Saturday, March 26, 2022

A Funeral Homily For Edward Van Ginkel

 

Preached at All Saints, King City, Anglican Diocese of Toronto, Saturday, 26 May, 2022

 

“I am the resurrection and the life.   Those who believe in e, even through they die will live, and everyone who lives and believes in me will never die.”

 

Where are we?   This may seem like an odd question with some obvious answers.  We are in a church.  We are at a service of thanksgiving for Ed.  We are with Aileen and her family to show our love and support for them.  Yes, all these things are true, but more can be said about where we are. 

We are in the love of God.  We are in the presence of the living Christ.  We are in the church, the gift of the Holy Spirit.   In short, we are in the kingdom of God.  The kingdom of God is unlimited love, unquenchable life, and inexhaustible power.  The kingdom of God is where Jesus speaks the good news of the Gospel.  The kingdom of God is a place where death has no dominion.  

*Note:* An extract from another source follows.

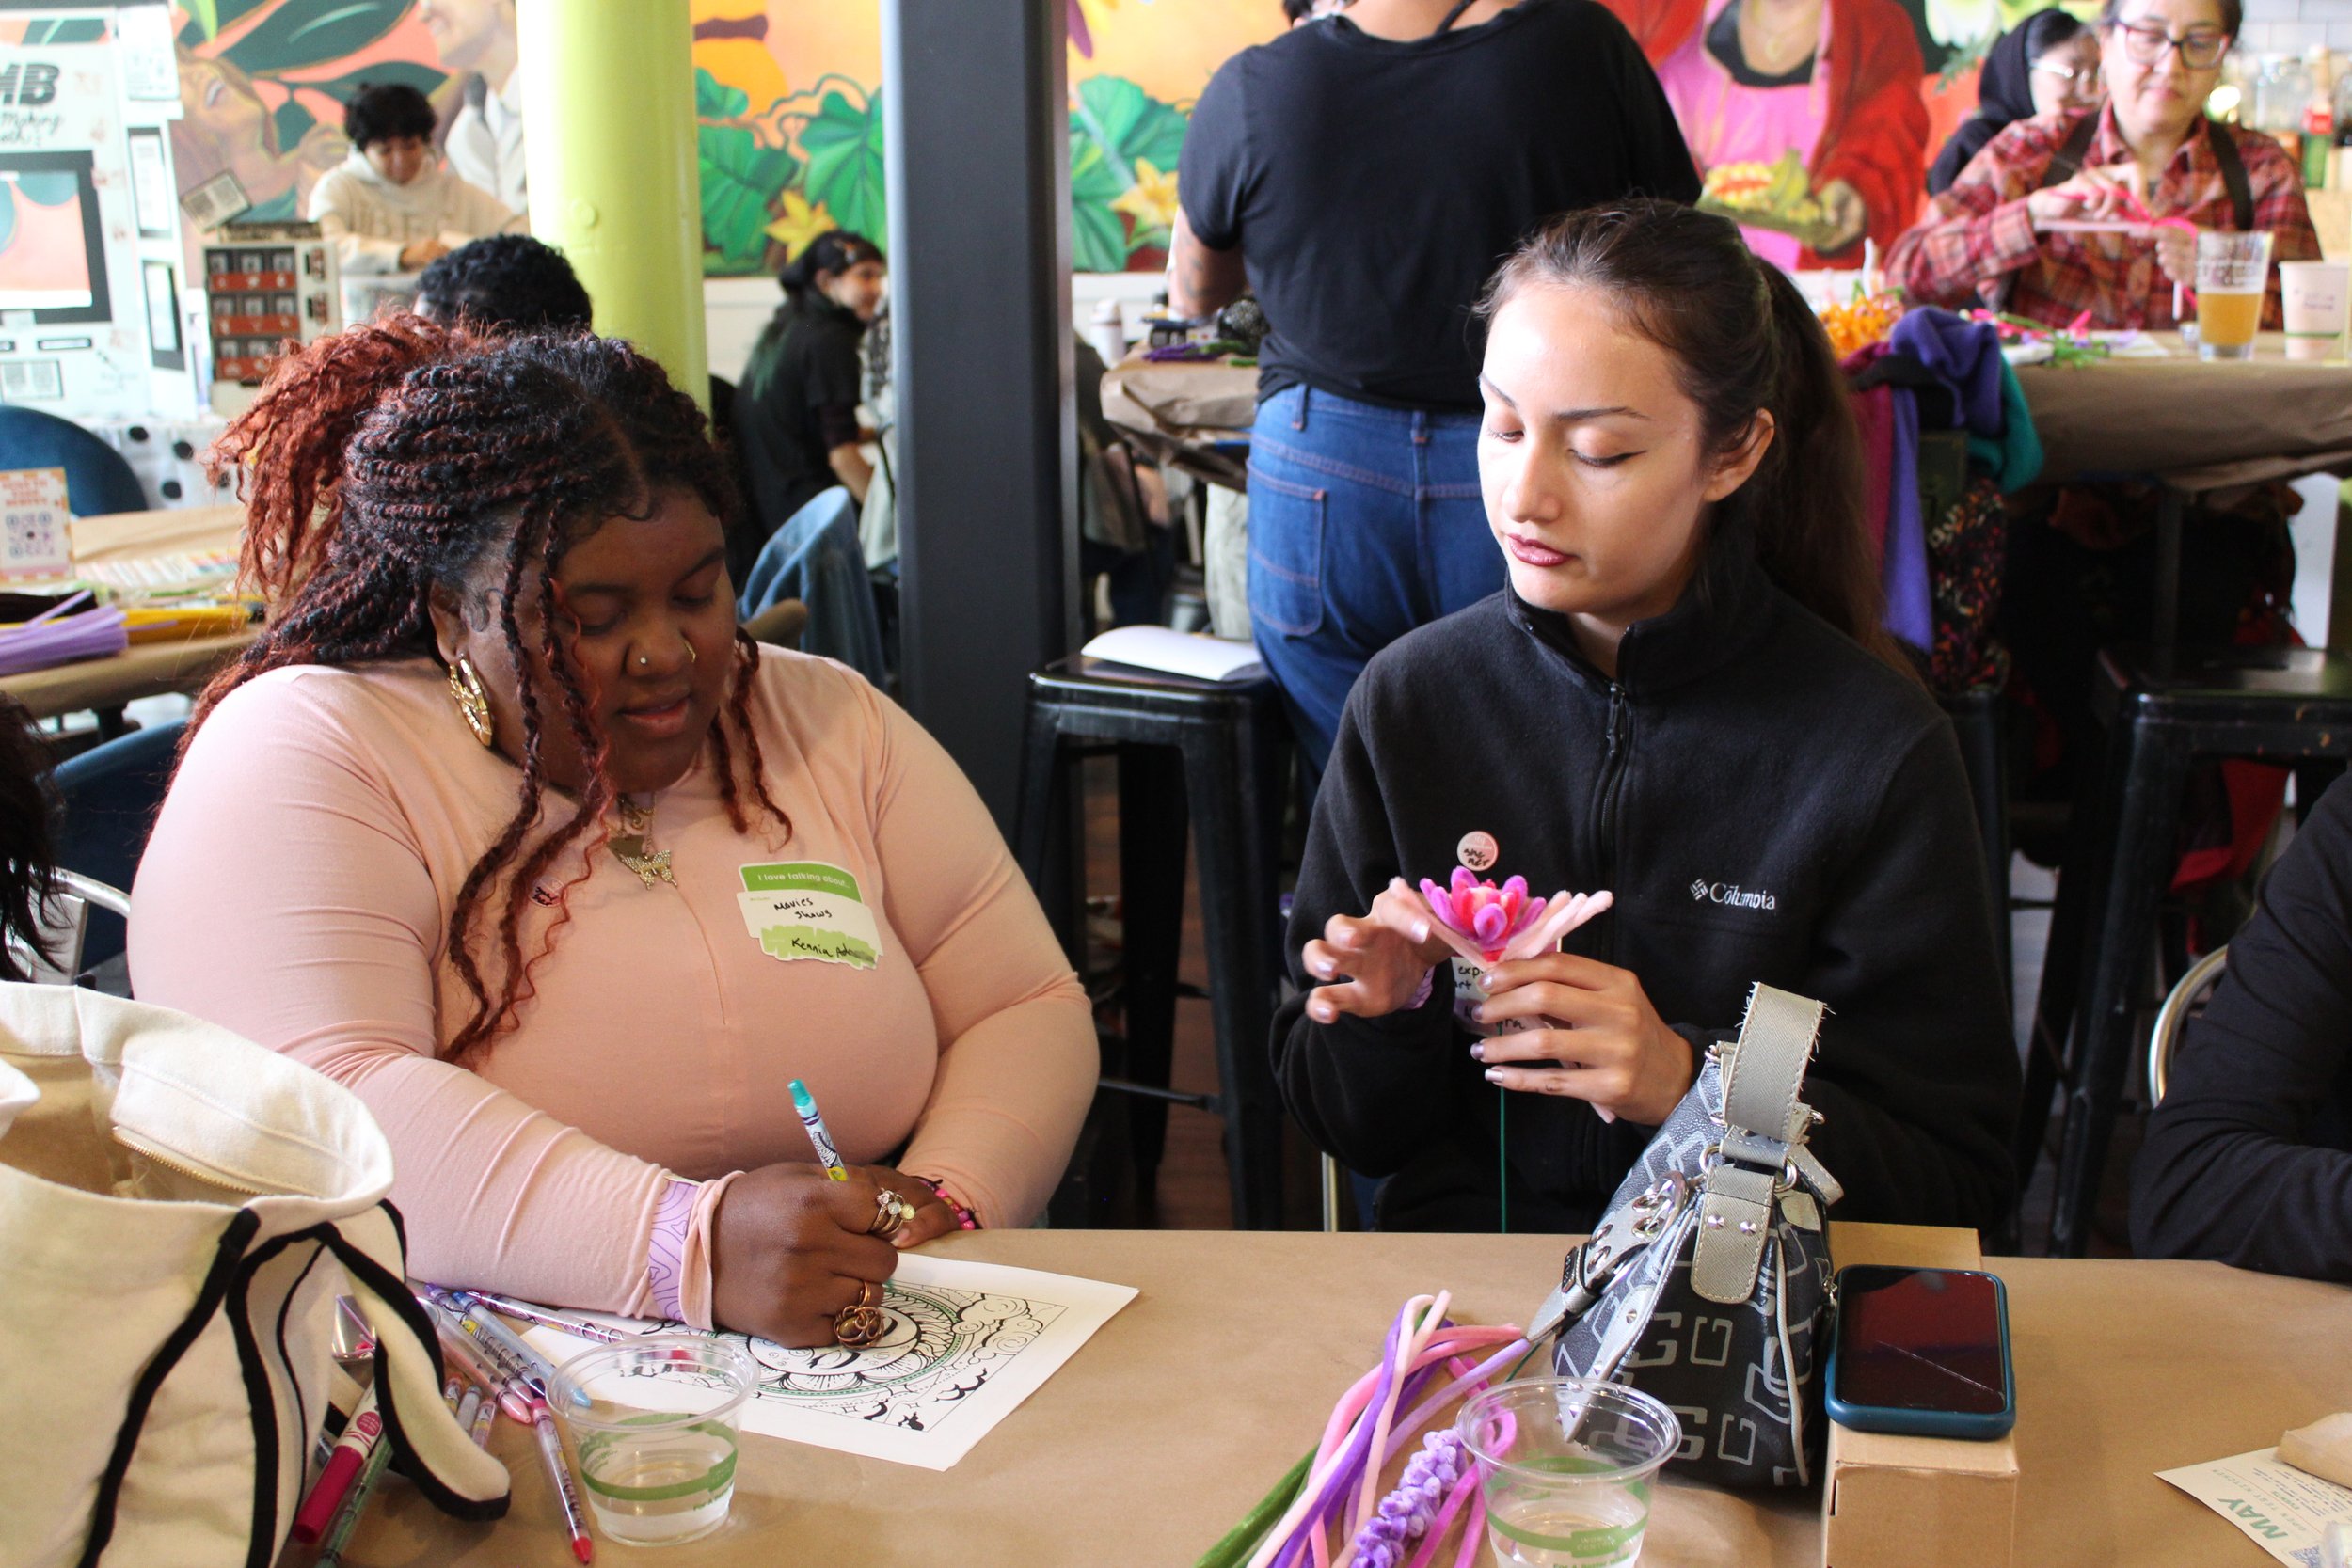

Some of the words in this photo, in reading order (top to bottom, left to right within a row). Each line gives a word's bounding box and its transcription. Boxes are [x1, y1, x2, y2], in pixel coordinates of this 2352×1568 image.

[763, 873, 786, 881] love
[787, 872, 821, 883] talking
[1709, 882, 1776, 910] Columbia
[2217, 1497, 2289, 1540] MAY

That there is no place for death in God’s kingdom can be a difficult truth for us to grasp.    Even for those of us here today who are believers, knowing as we do that Easter is just a few weeks away now, this truth is difficult for us to grasp.   It’s difficult to grasp for poor Martha, in our gospel reading.  When Jesus asks her if she believes that he is the resurrection and life, she responds somewhat evasively.   “I believe you’ve come from God”, she says in effect, “I believe that you’ve been sent to do something”, but she can’t quite make the connection that she is standing in front of Jesus.  She doesn’t seem fully aware that she is in the presence of the inexhaustible and all sustaining life and love of God.

We can afford some pity for Martha.   Martha is crushed by the enormity of her brother’s death.  A faithful Jew, she would have known the bleak honesty of the psalmist, who we heard say that our life is a fleeting thing, that our days “pass away quickly and are gone”.   Such was the understanding of the Hebrew scriptures.   The prophet Isaiah wrote that we are grass, and we wither when God blows on us.  Isaiah and the psalmist would have agreed that only God’s word is eternal.

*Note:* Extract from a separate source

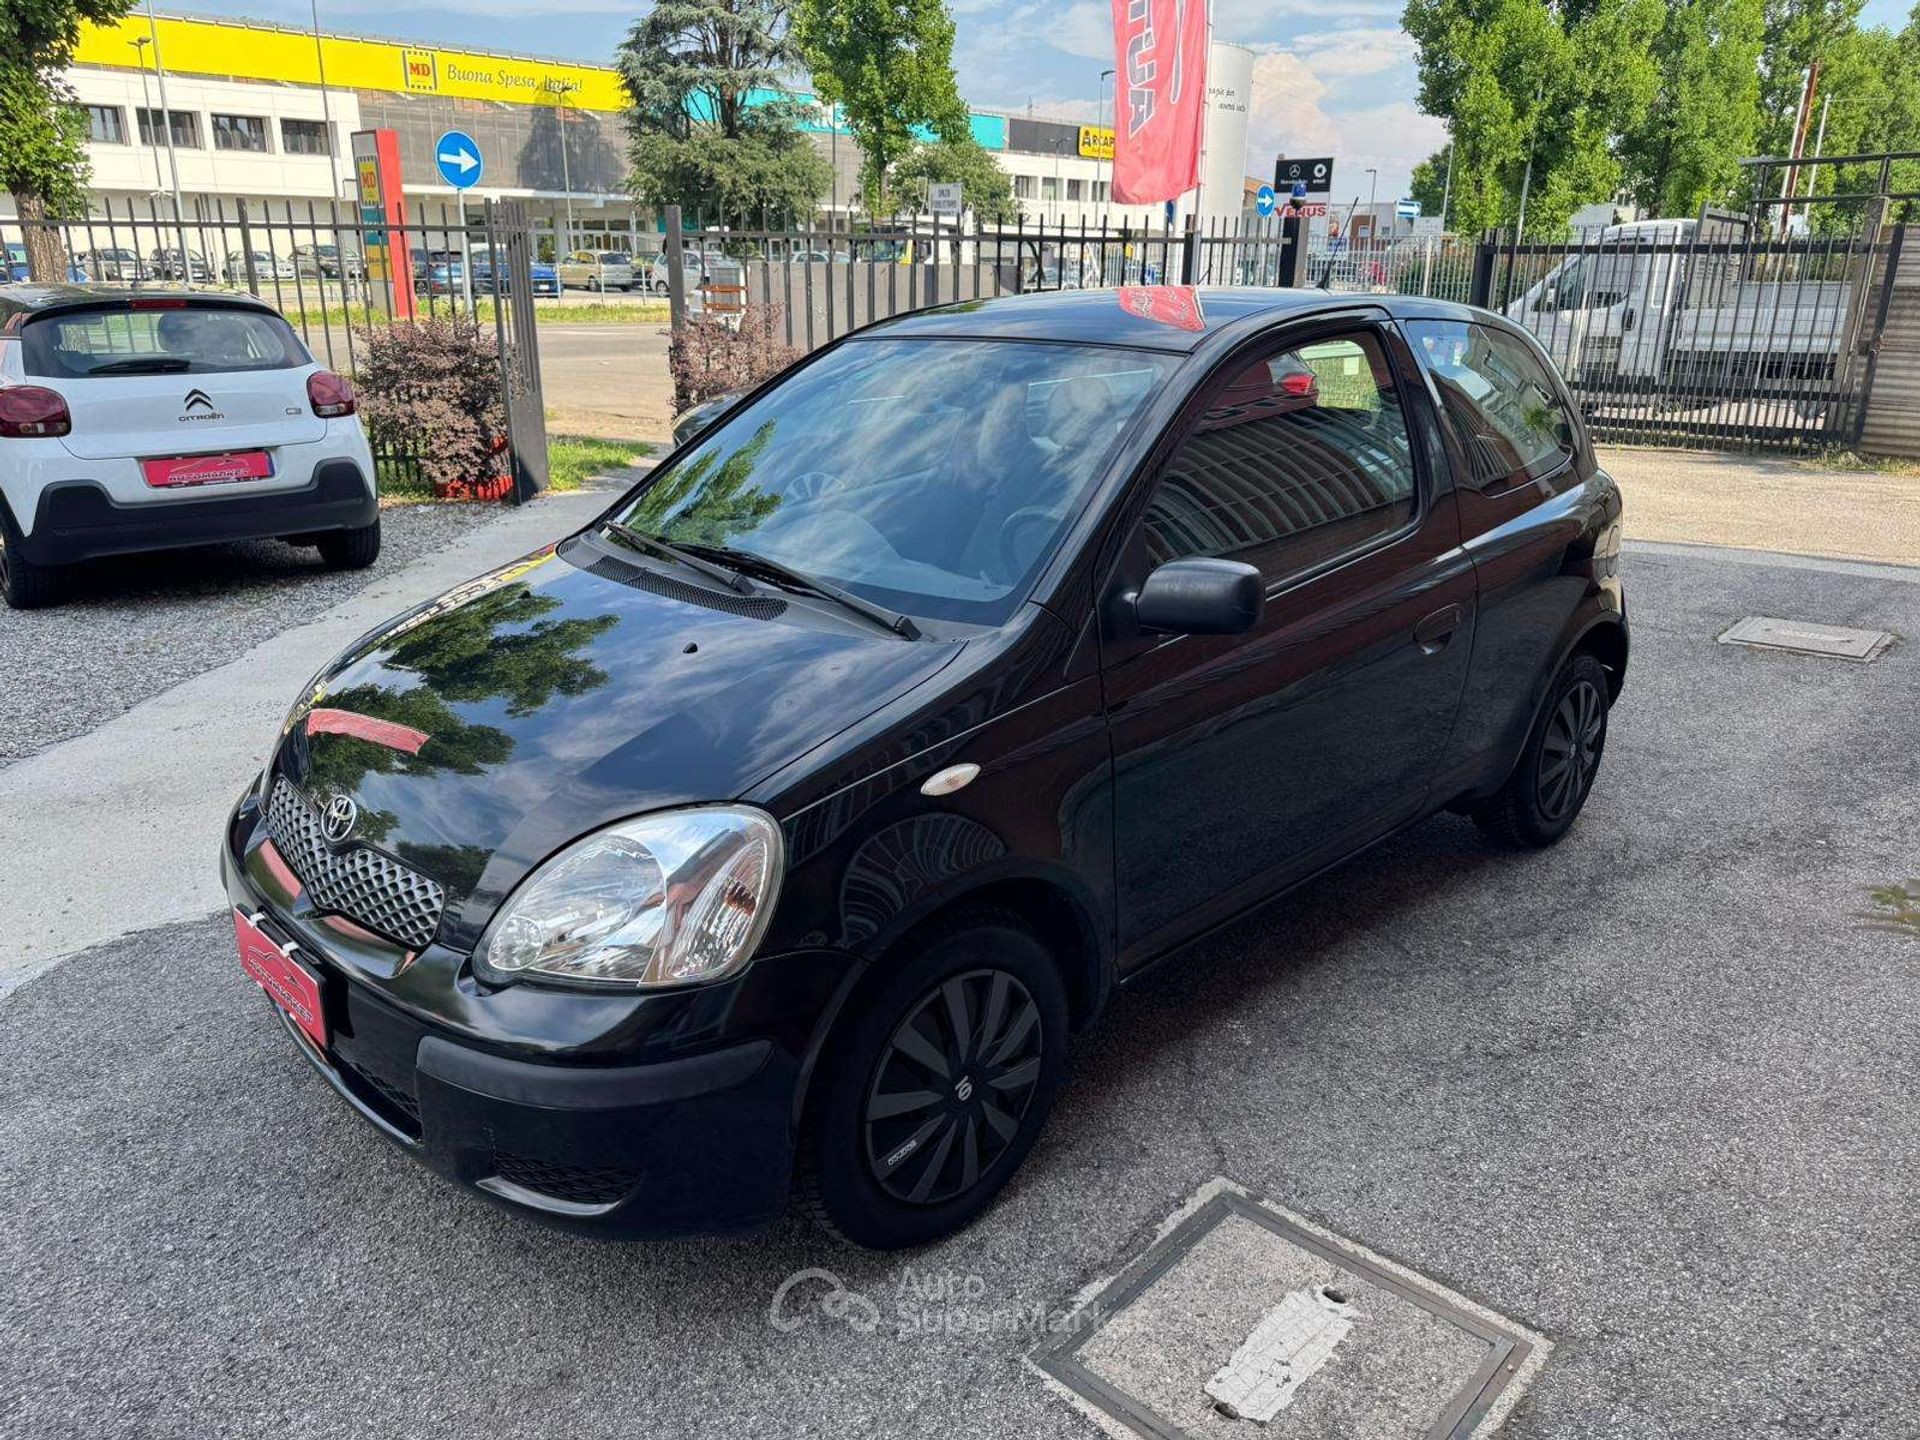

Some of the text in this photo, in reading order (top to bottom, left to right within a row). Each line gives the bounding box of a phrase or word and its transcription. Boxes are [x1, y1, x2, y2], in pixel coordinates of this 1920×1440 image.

Today many find it difficult to believe in God, but we still believe in death.   Like Martha, we can be crushed and oppressed by our own experiences of loss.   Our culture sees death as an ending, the cessation of life, the end of embraces and loving words and glances, the ceasing of habits and rituals and all the things that make us love those dearest to us.   We are taught that death is an awful thing, a terrible tragedy, and so the culture does its best to hide death from us.

Jesus tells us differently.   He speaks to us from the kingdom of God.   Jesus reframes the words of the psalms and the prophets.    Jesus replaces the bleak honesty of Psalm 90 with good news.   His breath is not death but life, the very breath of life that Ezekiel saw being the valley of dead bones to life.  The very speech of Jesus is life, his words are, as John noted at the start of his gospel, the eternal word of the eternal Father who comprehends and inhabits the whole cosmos, from whom everything came into being.   Earlier in John’s gospel, Jesus says that 51Very truly, I tell you, whoever keeps my word will never see death.’ (John 8.51). 

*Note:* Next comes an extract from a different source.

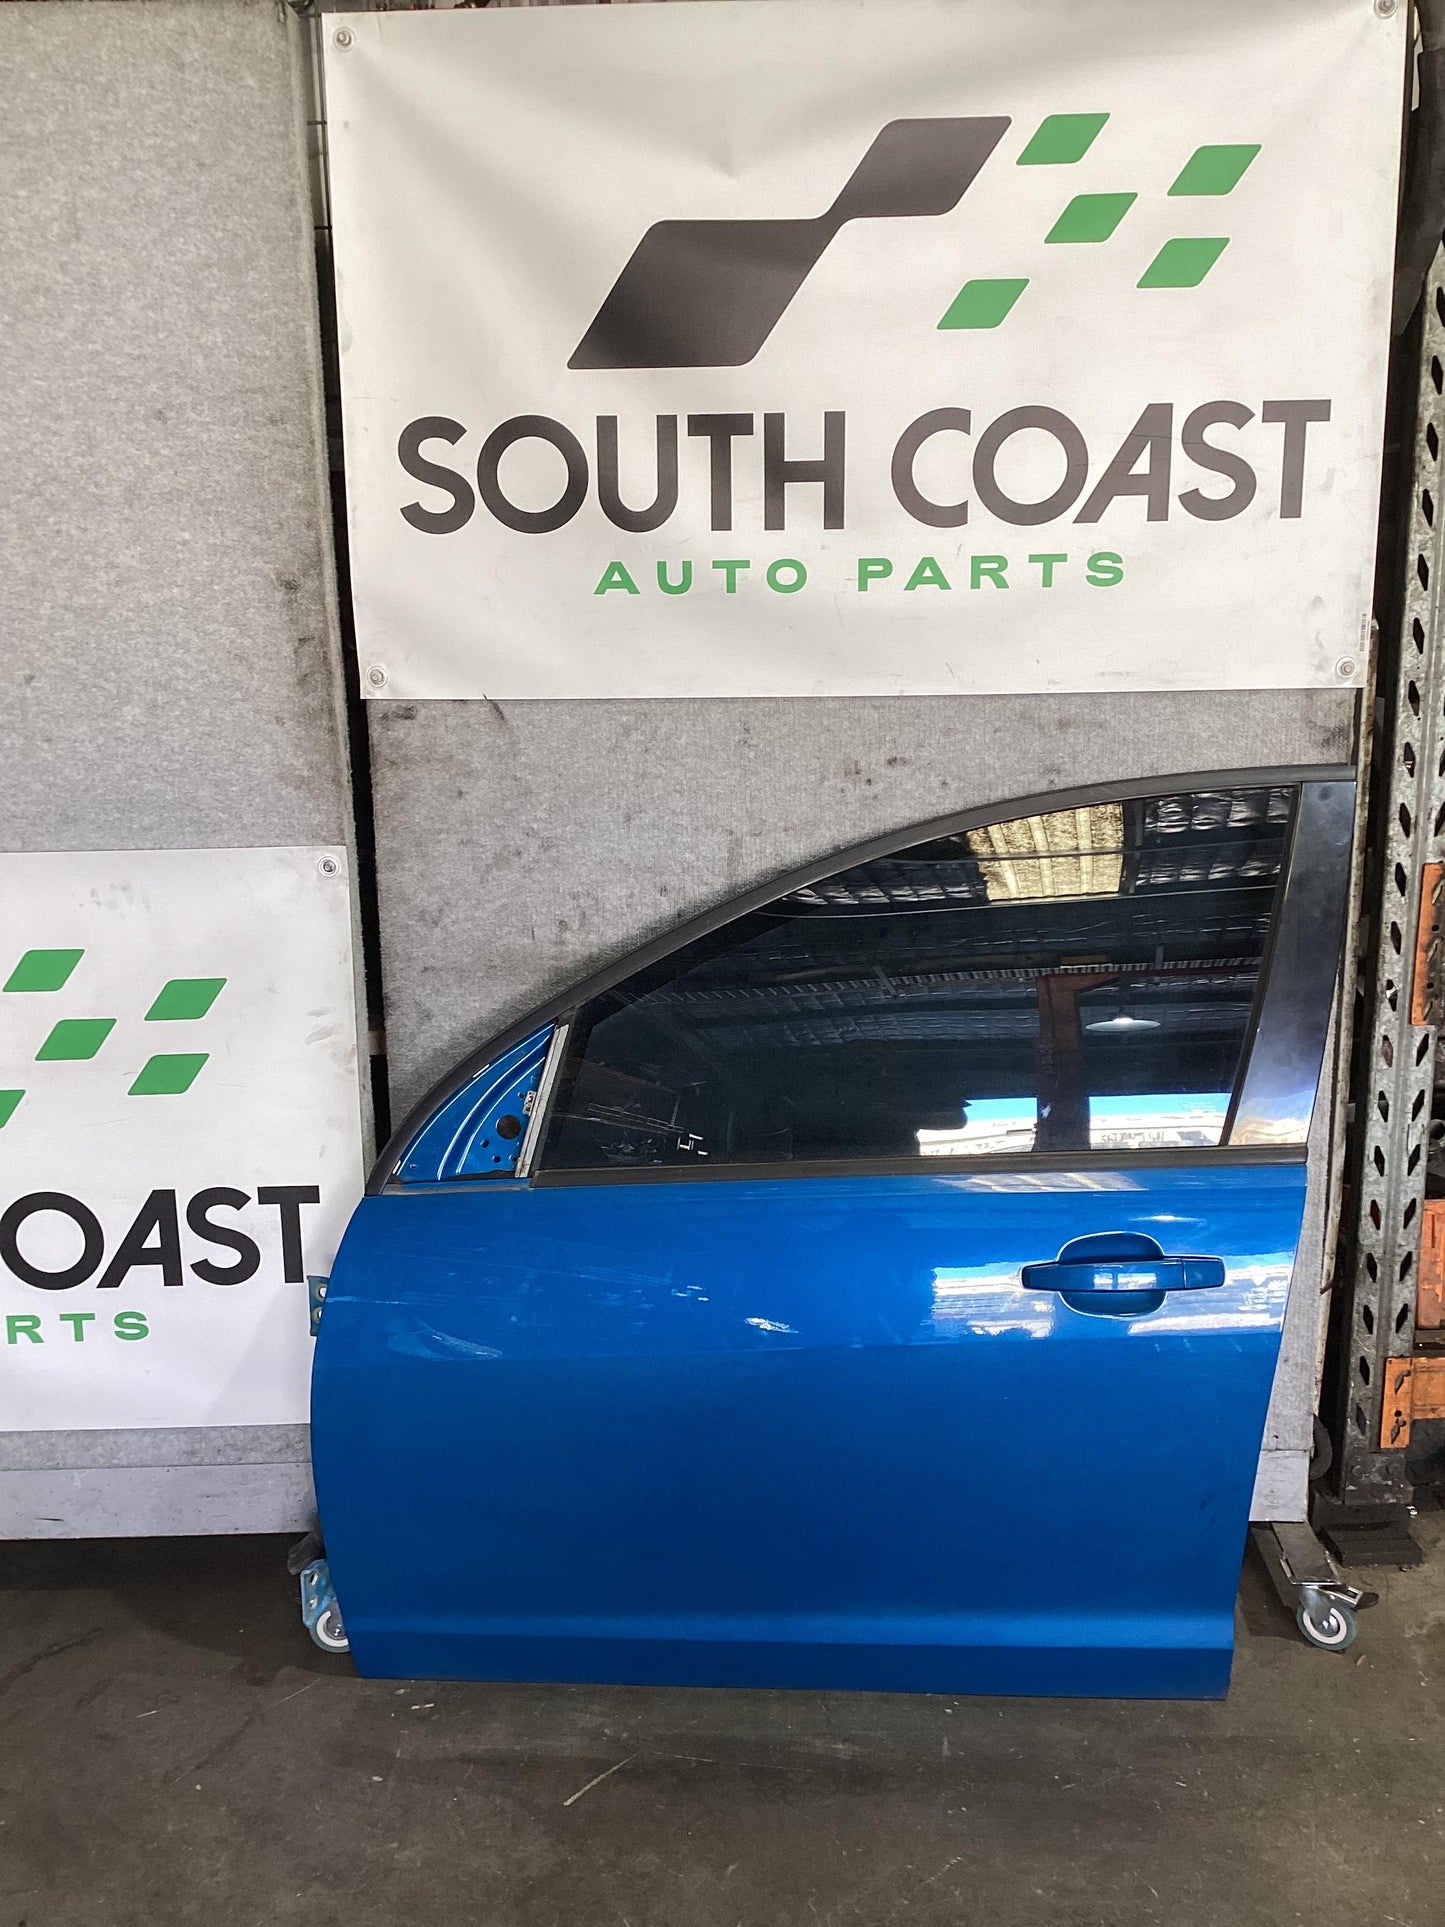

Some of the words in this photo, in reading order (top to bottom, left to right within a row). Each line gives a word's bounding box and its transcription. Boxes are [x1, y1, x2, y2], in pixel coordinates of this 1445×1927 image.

[398, 411, 845, 534] SOUTH
[892, 400, 1332, 528] COAST
[596, 560, 806, 595] AUTO
[859, 553, 1123, 592] PARTS

Later in John’s gospel, Jesus tells his friends “Do not let your hearts be troubled. Believe in God, believe also in me. 2In my Father’s house there are many dwelling places.”.   As always Jesus is speaking from the kingdom of God.  His father’s house is the whole cosmos, it is the vast eternal domain of God, the source of life.   We need to always remember this essential truth about Jesus, that he is the all-sustaining, all-nurturing, all-renewing life of God, was clearly understood by the first Christians.   Paul writes that “all will be alive in Christ” and that Christ came to destroy the last and final enemy, death.   In Second Timothy we hear that (2 Tim 1:10) Jesus has “abolished death and brought life and immortality to light through the gospel”.  

At this point it’s fair to ask, if Jesus is resurrection and life, who stands to receive this gift?     Since Jesus asks Martha if she believes, is there a minimum level of belief that Jesus is looking for?   When Jesus says “whoever keeps my word will never see death”, what sort of commitment is Jesus looking for?    Asking these questions is fair game, though the questions themselves come from a place of anxiety, certainly made more anxious by the psalmist’s fear of God’s wrath and indignation.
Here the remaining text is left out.